By: John A. Baden, Ph.D.
Posted on November 30, 2011 FREE Insights Topics:

The month between Thanksgiving and Christmas is an excellent time to reflect on and give thanks for one’s blessings. We were doing so with friends when conversation turned to the adoption of neglected children. We implicitly agreed that one important measure of a society is the care it provides for needy children. This reminded me of the orphan trains of our past.

Causes of this situation included massive immigration and searing poverty. Cities were overcrowded and tenements often housed ten or more persons to the room. Jobs were scarce and labor cheap. Child neglect was common. This situation plus the good will of the well off generated the orphan trains.

From 1854 until 1929 some 200,000 neglected, abandoned, or orphaned children were sent west from eastern cities. In the 1850s, there were an estimated 30,000 children homeless in New York City alone. That’s when Charles Brace founded The Children’s Aid Society, an early example of social entrepreneurship. (The New York Founding Hospital had a similar program.)

Brace believed that the life chances of these children could be improved. By removing youngsters from the grim reality and debauchery of city streets and placing them in morally upright farm families, their chances of escaping a lifetime of suffering and failure would be better. This initiated foster care in America.

The children, not all orphans but all severely disadvantaged, were to help with chores around the farm. Older children placed by The Children’s Aid Society were to be paid for their labors. An agent accompanied children in groups of 10 to 40. They traveled on trains to towns where families took them in. Agents would send flyers to towns along the way, and arrange for a screening committee to place the children.

The committee was comprised of responsible individuals, usually a town doctor, clergyman, newspaper editor, merchant, and teacher. The committee approved possible parents for the children. When the children arrived, a contract was signed between the families and the Children’s Aid Society. The contract began:

“Boys under 15 years of age, if not legally, adopted, must be retained as members of the family and sent to school according to the Educational Laws of the State, until they are 18 years old. Suitable provision must then be made for their future.”

The explicit goal was to place hugely disadvantaged children in God-fearing homes where food would be plentiful and air pure. Living on a farm would develop a good work ethic. This would foster mature responsible adults.

While many may recoil from these arrangements, at that time we had no welfare and child protection laws. Poverty was a sentence. Also, without the extended family to supply care in times of need, young families fell apart. Many men were killed in accidents or abandoned their families. This left women and children to, barely, survive on their own.

This sounds increasingly familiar, as there are ever more fatherless, drug afflicted, and dysfunctional families.

We can learn from the orphan train experiments. America would benefit if we found ways to place children in more wholesome and constructive settings. Today’s causes of family dysfunction are different, but the problems of poverty and neglect are parallel.
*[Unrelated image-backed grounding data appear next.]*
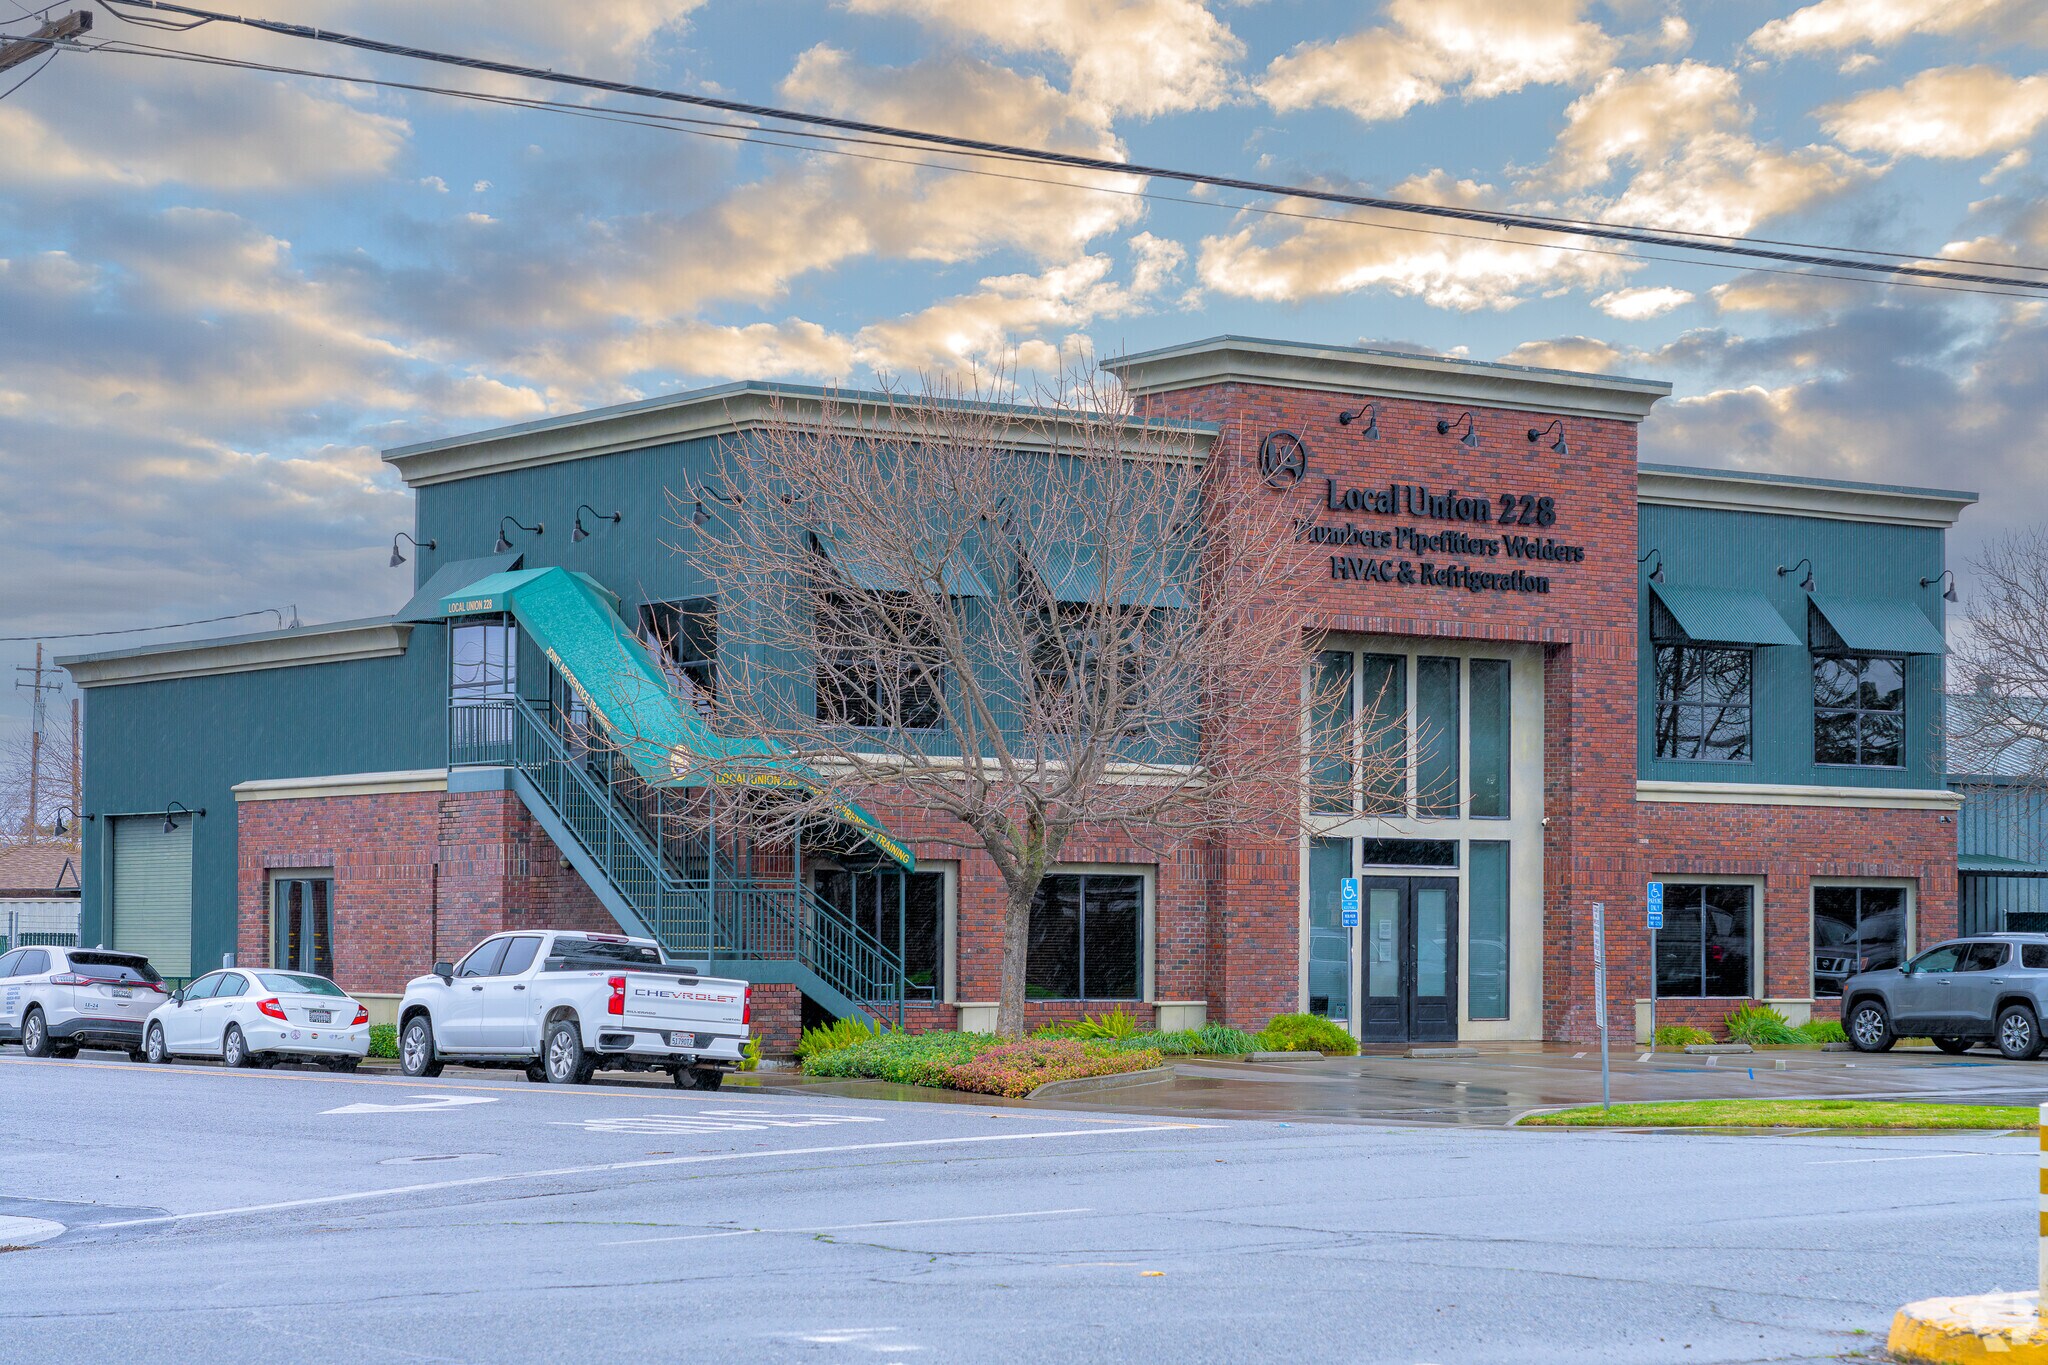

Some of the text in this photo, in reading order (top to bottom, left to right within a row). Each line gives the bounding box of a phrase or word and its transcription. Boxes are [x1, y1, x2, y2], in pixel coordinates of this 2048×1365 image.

[1326, 479, 1557, 528] Local Union 228
[1395, 526, 1500, 556] Pipefitters
[1502, 534, 1586, 562] Welders
[1330, 556, 1551, 593] HVAC & Refrigeration
[448, 599, 493, 613] LOCAL UNION 228
[546, 646, 562, 667] JOINT
[560, 663, 591, 705] APPRENTICE
[716, 772, 746, 785] LOCAL
[751, 773, 781, 786] UNION
[876, 833, 910, 864] TRAINING
[635, 988, 738, 1003] CHEVROLET
We can’t replicate orphan trains approach to problems of needy children.

We lack the clear web of passenger rail lines linking cities with towns, and children are no longer as useful for farm work. Farmers and farm laborers fell from 33 percent of the labor force in 1910 to 1.2 percent in 2000. Opportunities to place needy children on farms are gone—but the key to entrepreneurship is innovation. Can someone create an analogous arrangement?

America is going through fundamental cultural and economic transformations. These replicate earlier problems of abuse and neglect. And children lacking warm exposure to successful, responsible adults are ill prepared for life’s challenges. Social entrepreneurship focused on adoption and foster care might address these problems and benefit America.